## AVAILABLE DATA
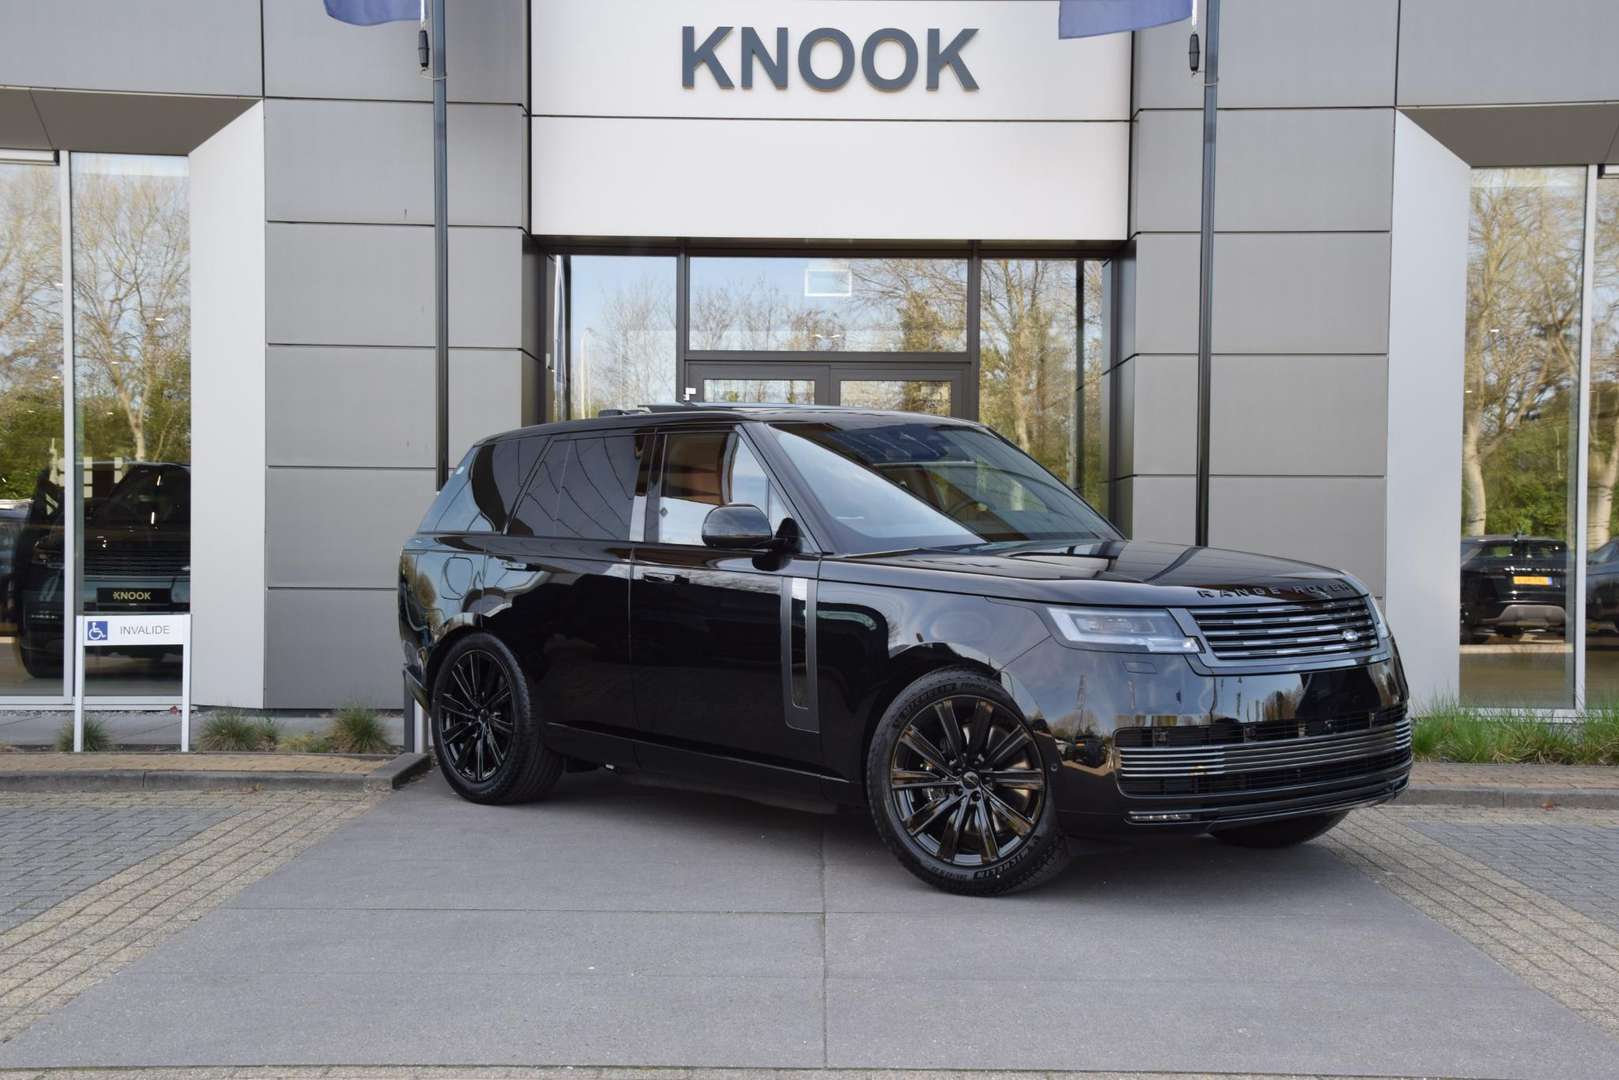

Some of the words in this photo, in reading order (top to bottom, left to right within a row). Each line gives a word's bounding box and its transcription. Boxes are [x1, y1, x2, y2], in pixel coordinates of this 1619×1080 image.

[681, 26, 980, 92] KNOOK
[113, 591, 151, 600] KNOOK
[1196, 585, 1281, 598] RANGE
[119, 624, 170, 635] INVALIDE
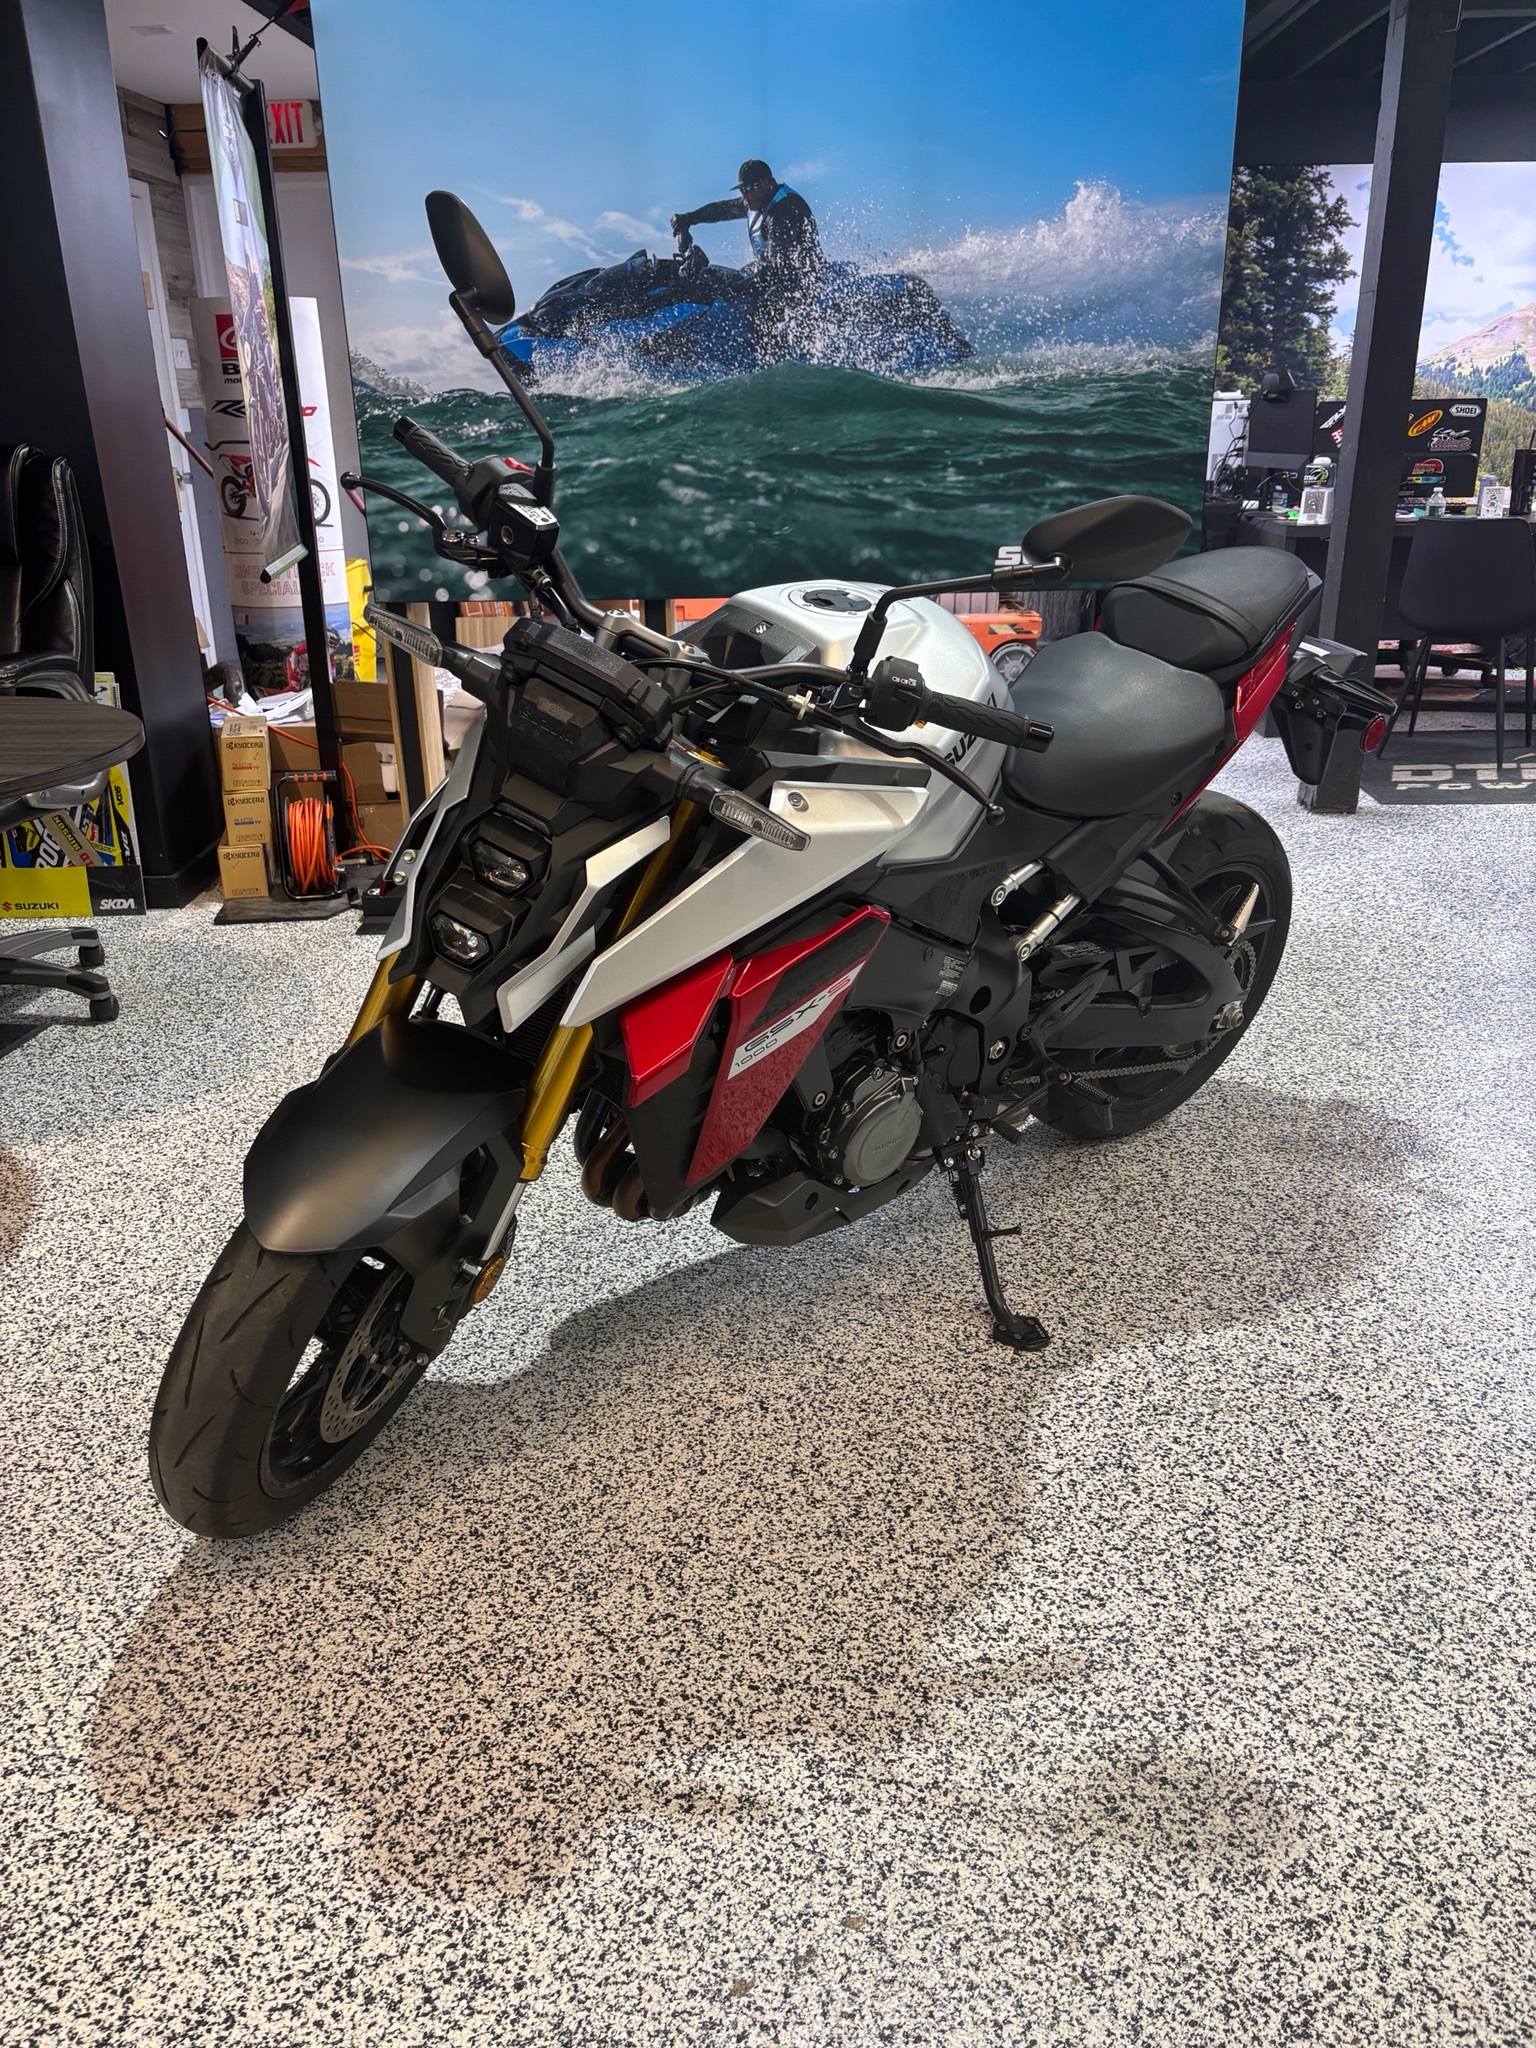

## WHAT THE EXERCISE ASKS
The reply must contain every entry above, exactly as written, and none of the pictures.

## ANSWER FOR THE TASK
Some of the words in this photo, in reading order (top to bottom, left to right within a row). Each line gives a word's bounding box and its transcription. Boxes are [x1, y1, x2, y2], in pixel coordinates of this 1619×1080 image.

[681, 26, 980, 92] KNOOK
[113, 591, 151, 600] KNOOK
[1196, 585, 1281, 598] RANGE
[119, 624, 170, 635] INVALIDE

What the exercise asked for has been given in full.